Use when: You need basic real-time behavior and cannot use WebSocket (legacy environments, restrictive firewalls).

Server-Sent Events (SSE)

The client opens a single HTTP connection, and the server sends events down that connection as they occur. The connection stays open indefinitely. SSE is built into the browser via the EventSource API.

Step-by-step diagram showing how How Real-Time Messaging Works works in practice
How How Real-Time Messaging Works works step by step

Pros: Simple one-directional streaming over standard HTTP. Automatic reconnection built into the browser API. Works through most proxies and CDNs. Lightweight — no custom protocol negotiation.

Cons: Unidirectional (server to client only). Clients cannot send messages back over the same connection. Limited to text data (no binary). Some older proxies may buffer responses, breaking the streaming behavior.

Use when: You only need server-to-client updates (live scores, stock tickers, notification feeds). No need for client-to-server messaging on the same connection.

WebSocket

After an initial HTTP handshake (upgrade request), the connection is upgraded to a persistent, full-duplex TCP connection. Both client and server can send messages at any time.

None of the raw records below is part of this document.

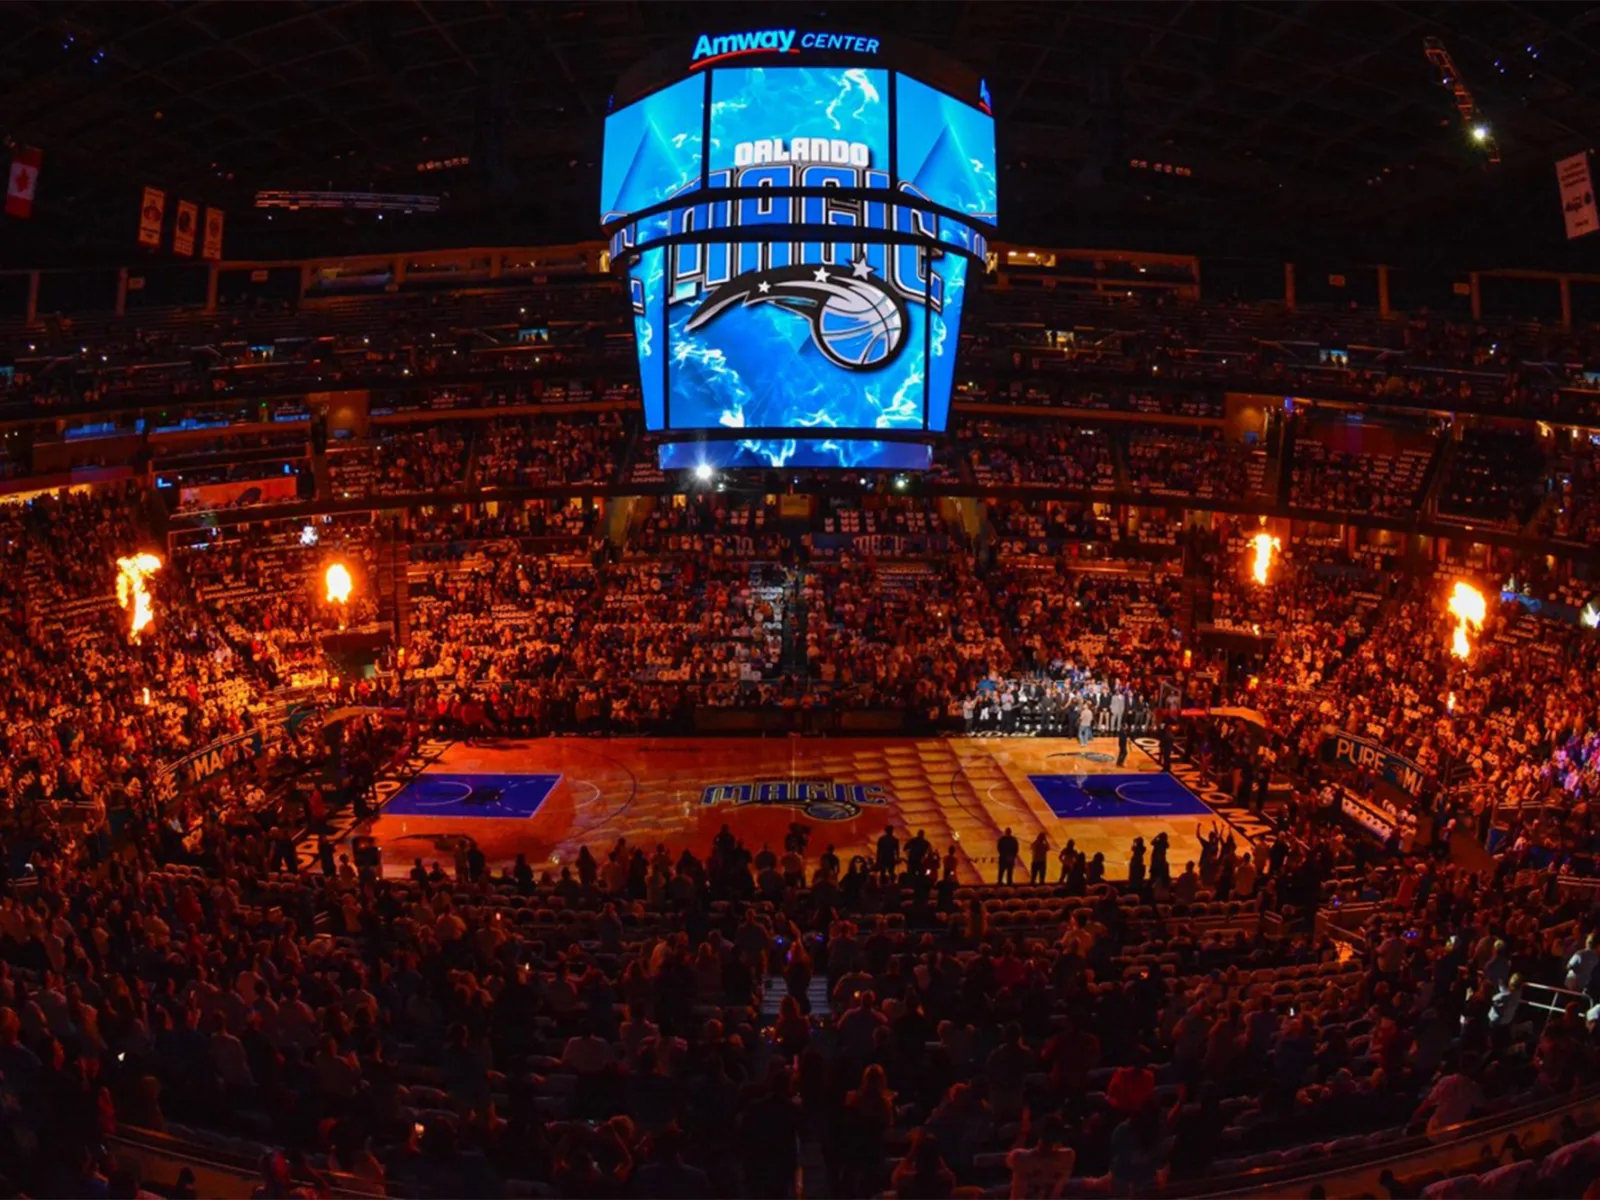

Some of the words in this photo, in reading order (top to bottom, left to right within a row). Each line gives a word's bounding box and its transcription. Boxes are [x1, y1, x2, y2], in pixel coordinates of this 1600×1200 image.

[692, 29, 797, 60] Amway
[800, 33, 880, 54] CENTER
[734, 138, 869, 166] ORLANDO
[1335, 738, 1387, 776] PURE
[702, 783, 888, 807] MAGIC

Comparison table for How Real-Time Messaging Works showing key metrics and tradeoffs
Comparing key aspects of How Real-Time Messaging Works

Pros: Full-duplex communication. Very low overhead per message (2-6 byte frame header vs. hundreds of bytes for HTTP headers). Supports binary data. True real-time: no polling gaps.

Cons: Requires WebSocket-aware infrastructure (load balancers, proxies). Stateful connections complicate horizontal scaling (sticky sessions or connection-aware routing). Some corporate firewalls block WebSocket upgrade requests.

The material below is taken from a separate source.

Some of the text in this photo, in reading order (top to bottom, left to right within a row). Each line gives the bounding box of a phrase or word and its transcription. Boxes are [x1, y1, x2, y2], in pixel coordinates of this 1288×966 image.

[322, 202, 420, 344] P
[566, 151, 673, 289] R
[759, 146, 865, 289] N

Use when: You need bidirectional real-time communication — chat, collaborative editing, multiplayer games, live trading.

Connection Management at Scale

The hard part of real-time messaging is not the protocol — it is managing millions of persistent connections.

Data flow diagram for How Real-Time Messaging Works showing request and response paths
Data flow through How Real-Time Messaging Works

Connection gateways: Dedicated servers that hold WebSocket connections. Each gateway handles 10,000-100,000 connections. Gateways are stateless in terms of business logic; they only maintain the mapping of "which user is connected to this server."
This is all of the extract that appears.